The framers of democracy recognized the fundamental need for this kind of access in a self-governed society, but in practice, the people who find their way into office don't always respect it. Indeed, quite often, they find it annoying and inconvenient.
But let's be honest. Ruling in a democracy is annoying and inconvenient. It's supposed to be. We don't elect people to become kings and queens who dictate actions according to what they think our interests are. We elect people to govern with our support and consent, and we cannot give those if we don't know the details of the debates, facts and agreements that underlie the actions of government.
So, newspapers are naturally inclined to demand as much openness from government as possible. We see ourselves as the portal through which you can see and manage your government. If we can't get information, then you can't, and if you can't, then you cannot challenge your local school board over how much it paid someone to manage the day-to-day operations of the schools. You cannot challenge your county government over the way it lets contracts for roadwork, pays for health care or even hires office workers.

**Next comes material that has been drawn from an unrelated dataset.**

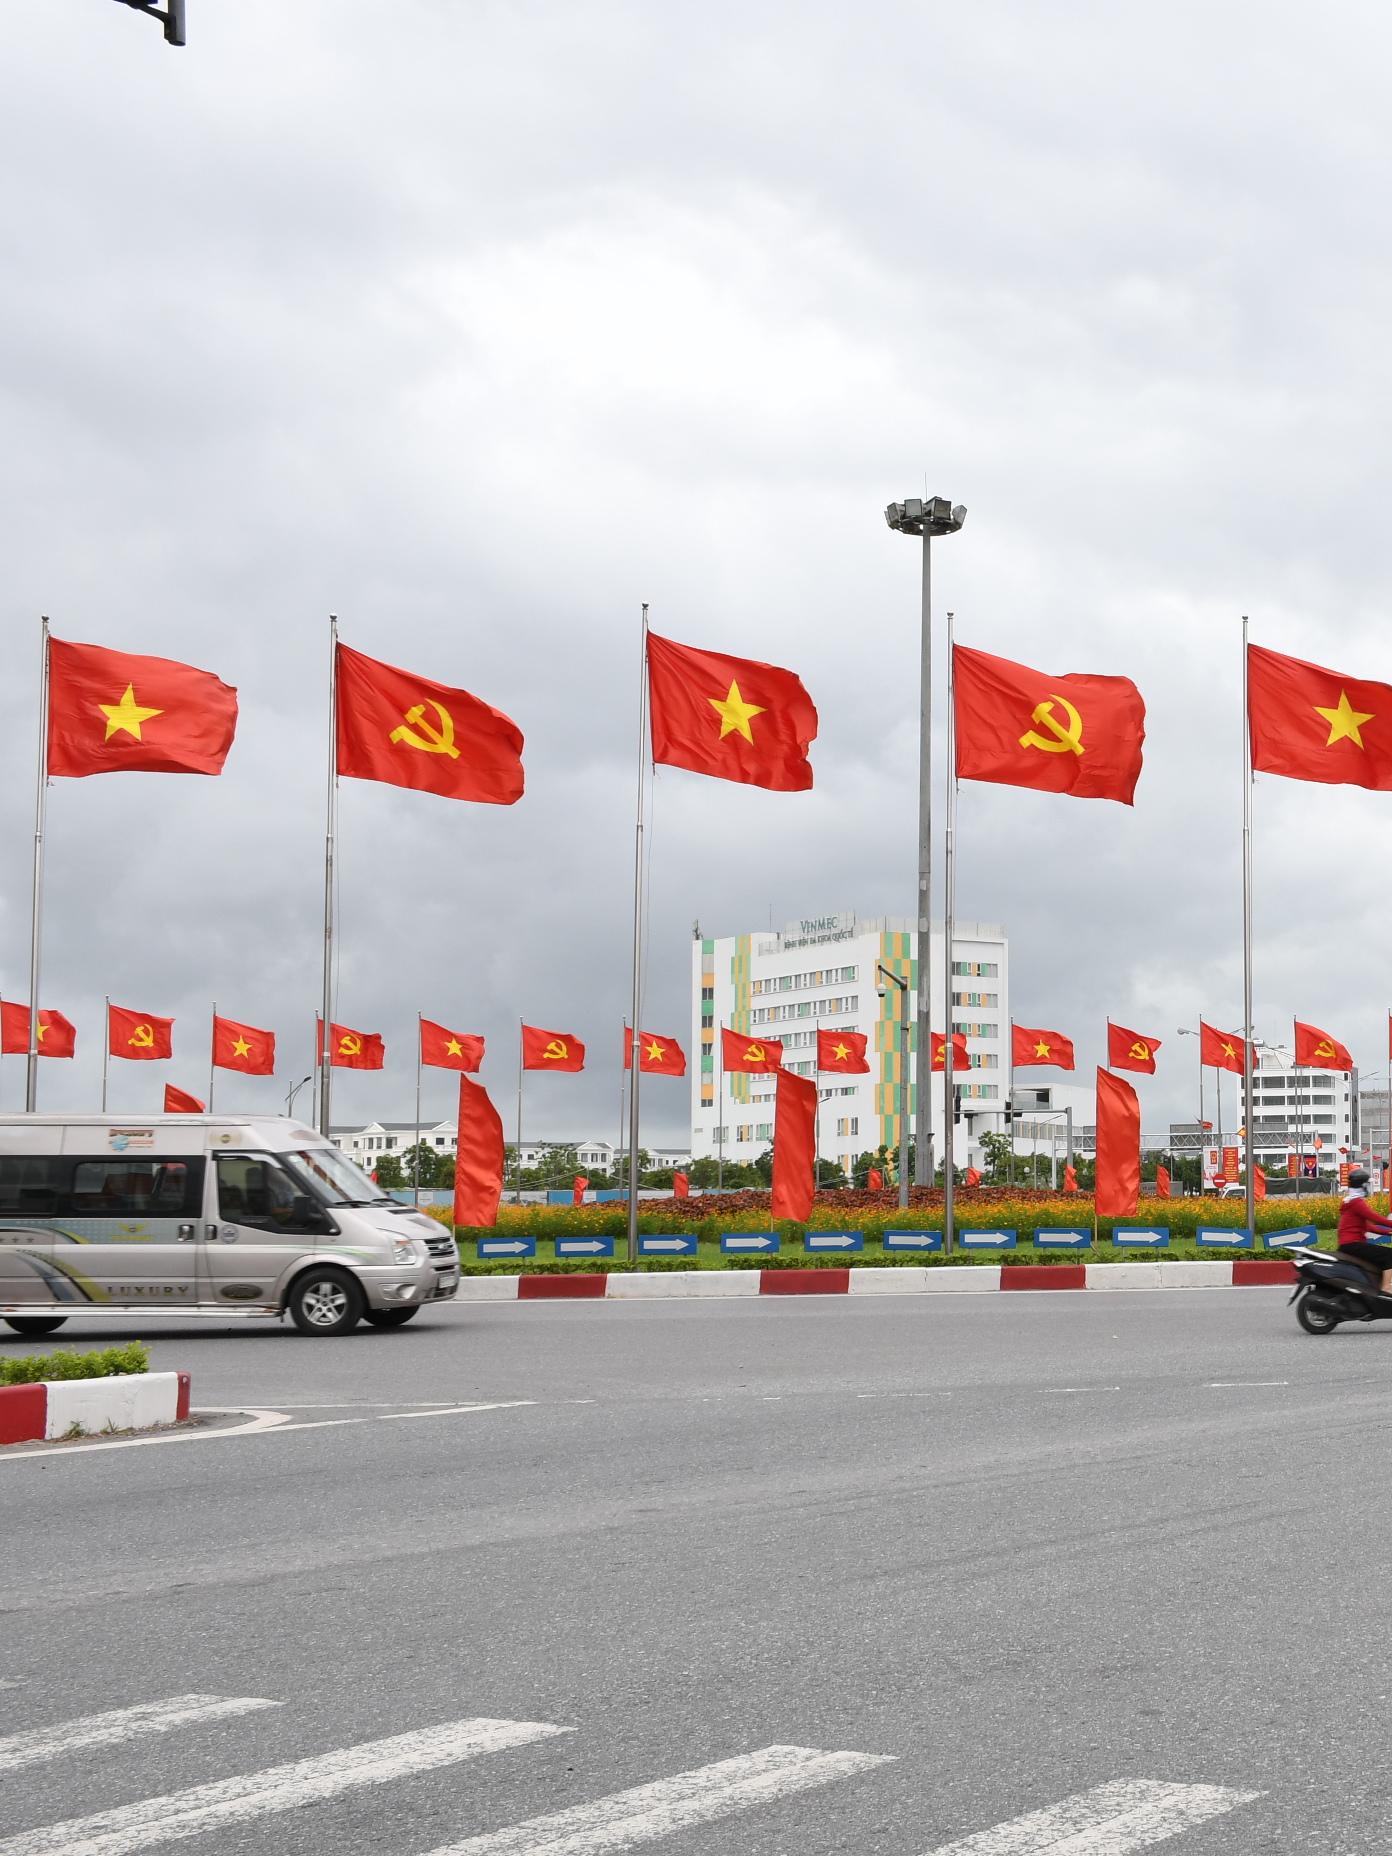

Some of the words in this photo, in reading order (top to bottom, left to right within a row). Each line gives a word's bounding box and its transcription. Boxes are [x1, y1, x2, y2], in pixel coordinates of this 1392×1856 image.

You may almost take such activities as these for granted as you monitor government from day to day, and you may not entirely appreciate their importance until - like one-time Wheaton-Warrenville school board candidate Mark Stern - you decide it's important to know some specific fact of government and find it closed off to you.
That may situation may not be as rare as you might guess. Nearly 1,000 Illinoisans turned to the attorney general's public access counselor for help in 2008, according to the attorney general's annual Sunshine Week report.
Because so many officials across Illinois either flout the laws or take advantage of loopholes that enable them to prolong stonewalling, the attorney general and government watchers are pressing lawmakers for stronger penalties for and prohibitions against withholding information. Had some of these provisions been in place in 2006, you might not be reading about Wheaton Warrenville this week - because the district would have been required to adhere to the attorney general's opinion at the time stating it should release its superintendent's contract.
Revolutionary firebrand Thomas Paine noted that even when officials want to govern well, "they mean to govern." "They promise to be good masters," he said, "but they mean to be masters."
In an age when the ever-accurate maxim "information is power" is even more pronounced, we all need to demand openness at all levels of government. For it's only through inconveniencing and sometimes annoying government officials that we, and not they, remain masters of our liberty.
• Jim Slusher is an assistant managing editor at the Daily Herald.